The Venture Brothers Is About To Go To Space

This is a for-real DVR Alert in the sense that unless you follow the same 100% manual, absolutely no "Record Series" recording set-up process I do (since I do it by hand, I call it "artisanal"), you may not be aware that The Venture Brothers returns for its fifth season this Sunday night, or technically Monday morning. Adult Swim has done no advance promotion for the premiere that I've seen; even series star James Urbaniak, who voices lead superscientist/terrible dad and person Rusty Venture, has hardly tweeted about it. So it was a nice surprise for me when I saw an episode marked "new" in the digital guide, but...like, tell a girl to get excited. I guess that's what I'm doing!

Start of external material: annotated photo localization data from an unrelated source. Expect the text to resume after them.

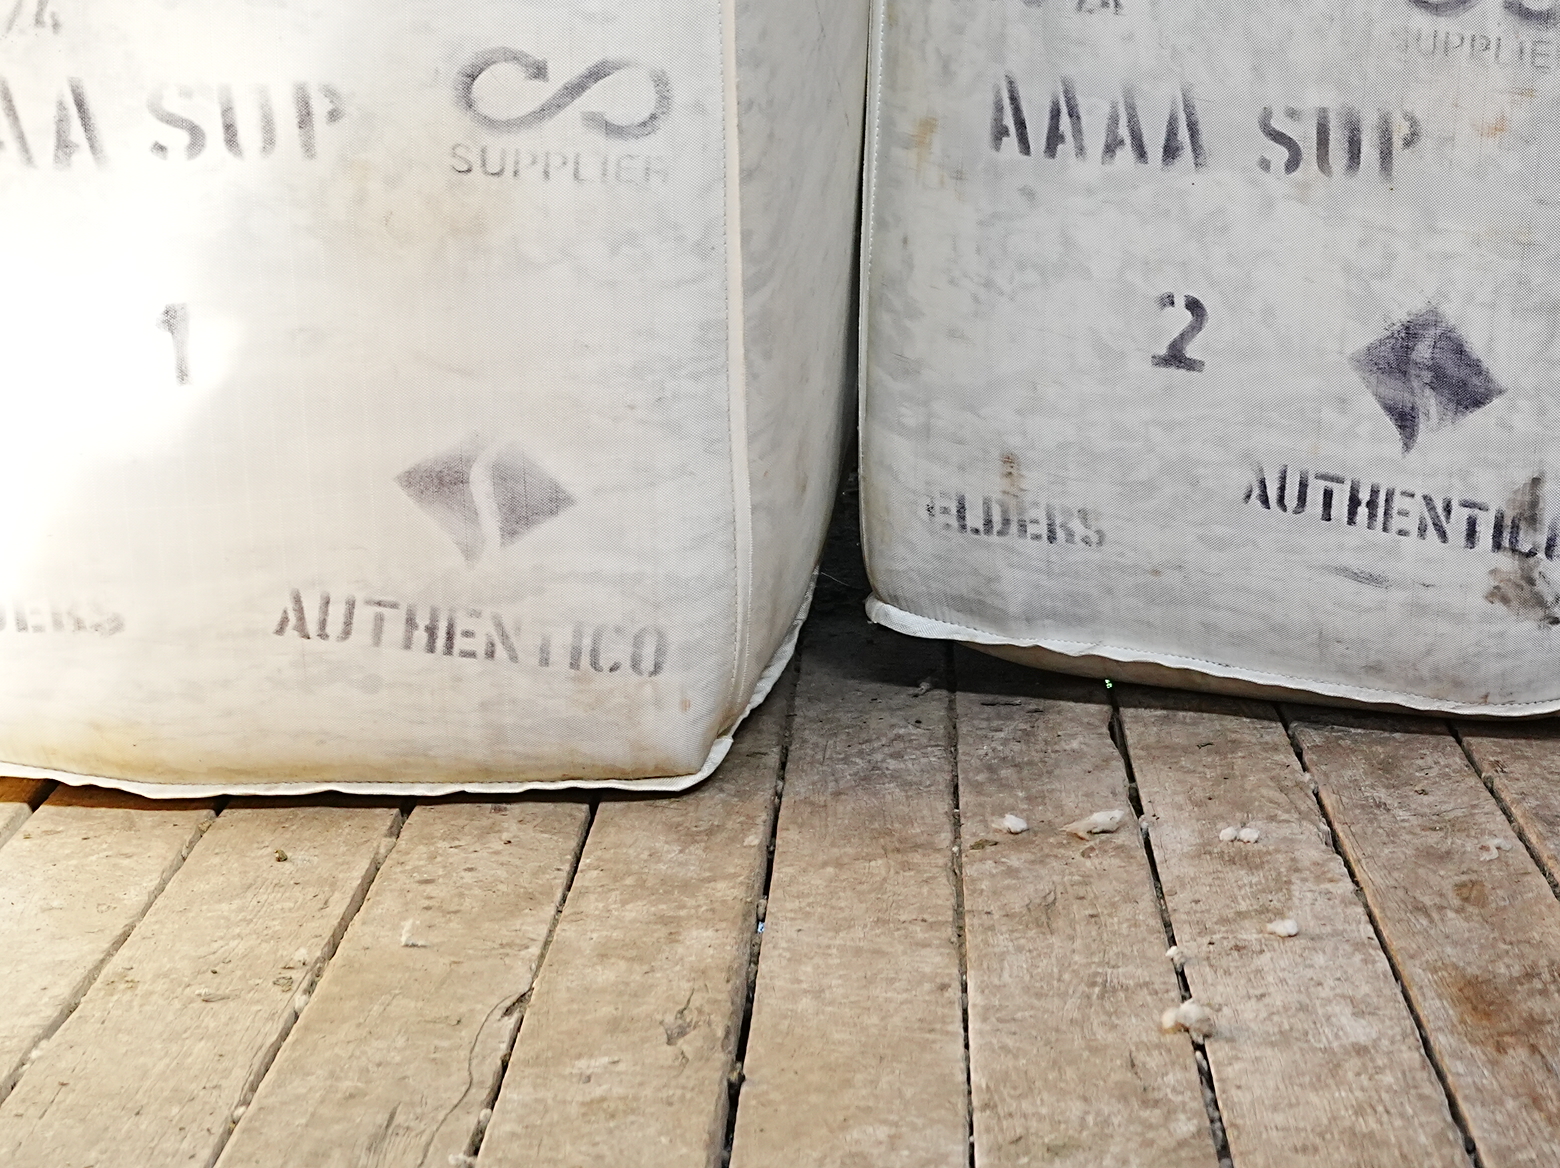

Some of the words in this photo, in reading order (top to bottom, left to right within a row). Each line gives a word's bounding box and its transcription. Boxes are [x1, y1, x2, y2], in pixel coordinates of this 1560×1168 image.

[147, 81, 345, 161] SUP
[990, 74, 1207, 170] AAAA
[1256, 105, 1421, 180] SUP
[450, 141, 671, 184] SUPPLIER
[1151, 292, 1210, 373] 2
[925, 488, 1107, 549] ELDERS
[273, 587, 671, 679] AUTHENTICO
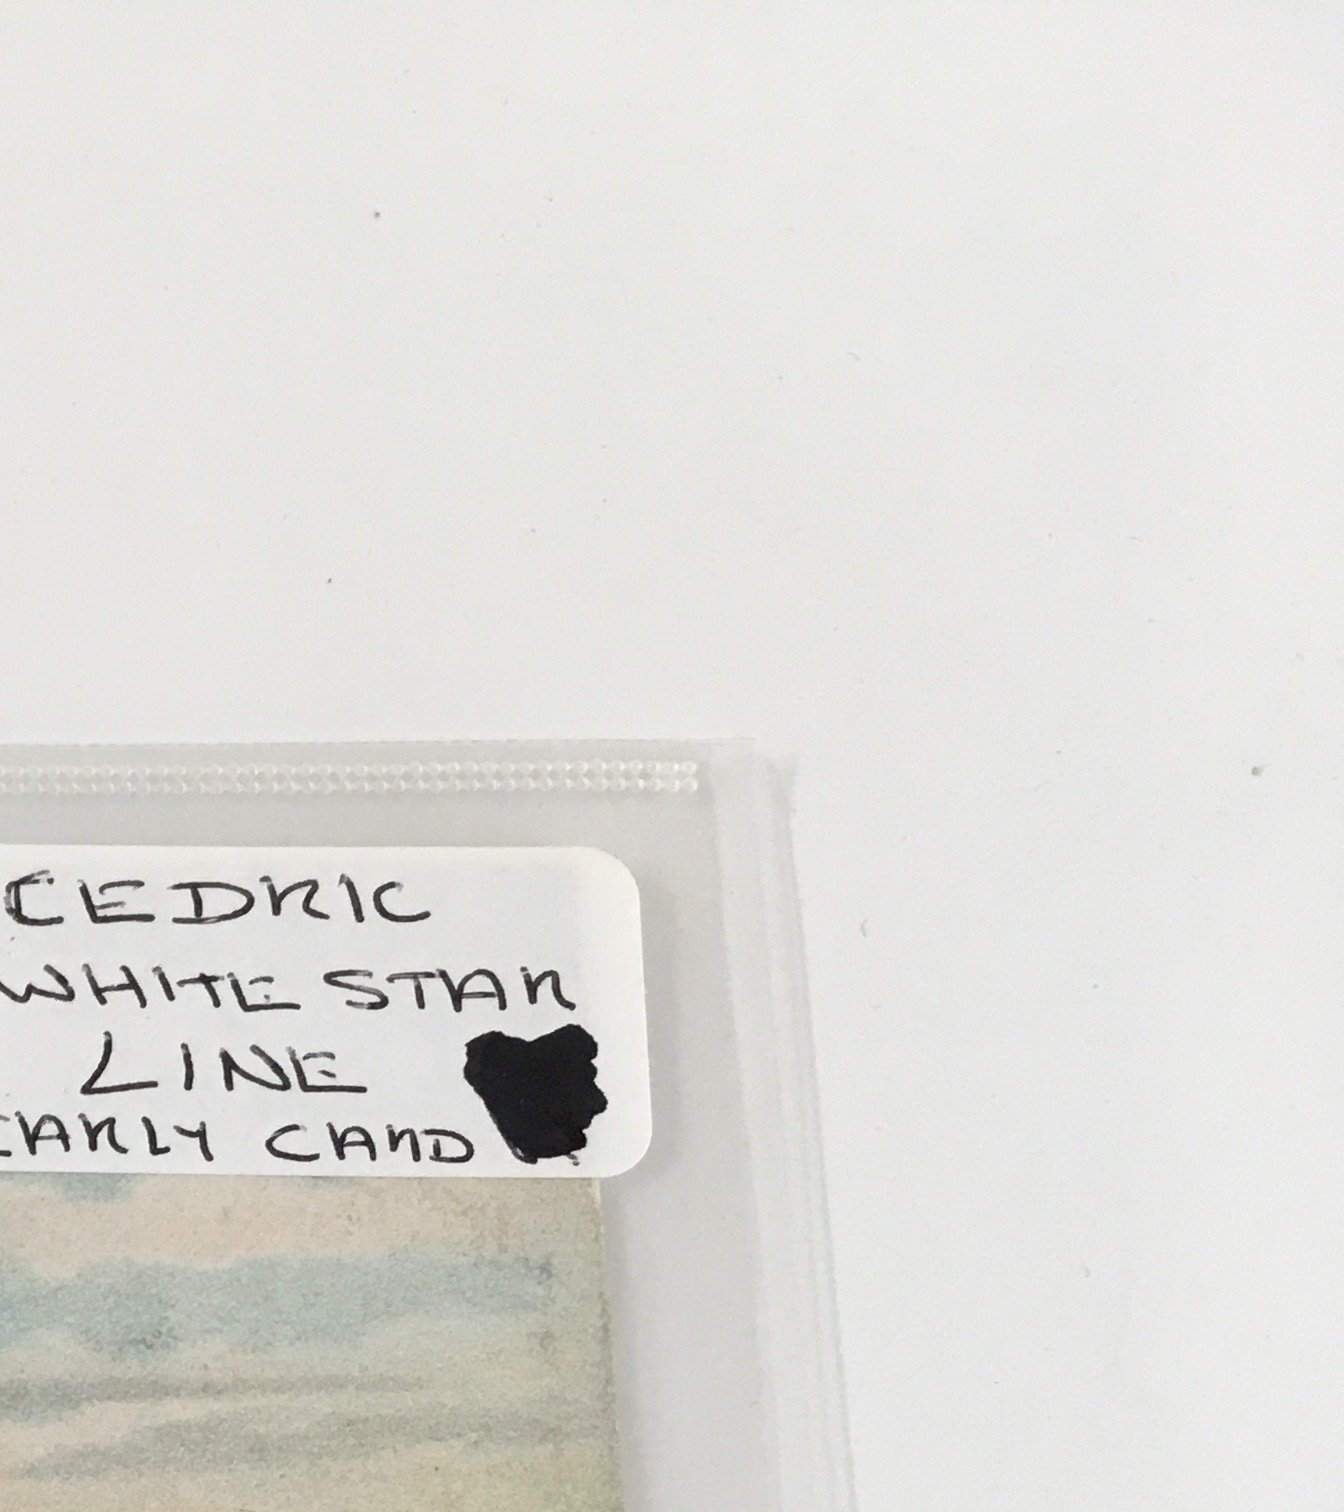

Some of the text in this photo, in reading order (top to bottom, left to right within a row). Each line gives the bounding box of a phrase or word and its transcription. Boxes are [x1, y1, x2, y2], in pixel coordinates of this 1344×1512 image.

[3, 870, 432, 926] CEDRIC
[322, 966, 578, 1013] STAR
[79, 1029, 368, 1095] LINE
[264, 1123, 476, 1165] CARD

Since about Season 3, VB has been uneven for me. A lot of people will tell you that a bad episode of The Venture Brothers is better than a good episode of any other show, but that is (a) a cliché, and (b) not accurate, in this case. The best of the first three seasons hits exactly in my fanboy sweet spot: institutionalized pseudoscience, a well-codified heroes vs. villains scenario (the bad guys' Guild of Calamitous Intent is not really that different, on an organizational level, from the IRS), all played out by a bunch of irredeemable weirdos with a couple of lovable goons you can root for, and yes, I mean Patrick Warburton's Brock. But despite my occasional reservations about the show and particularly its least productive flights of self-indulgence, the Season 4 finale was a scorcher, and given that it aired two and one half years ago, I'm hopeful that the scripts had a chance to get polished up real nice.

What's that? You've never heard of The Venture Brothers and have no idea what I'm talking about? Here's what you've missed.

They're very different in terms of plot, but if you like Archer or, uh, Magnolia (trust me), it's probably worth giving The Venture Brothers a shot.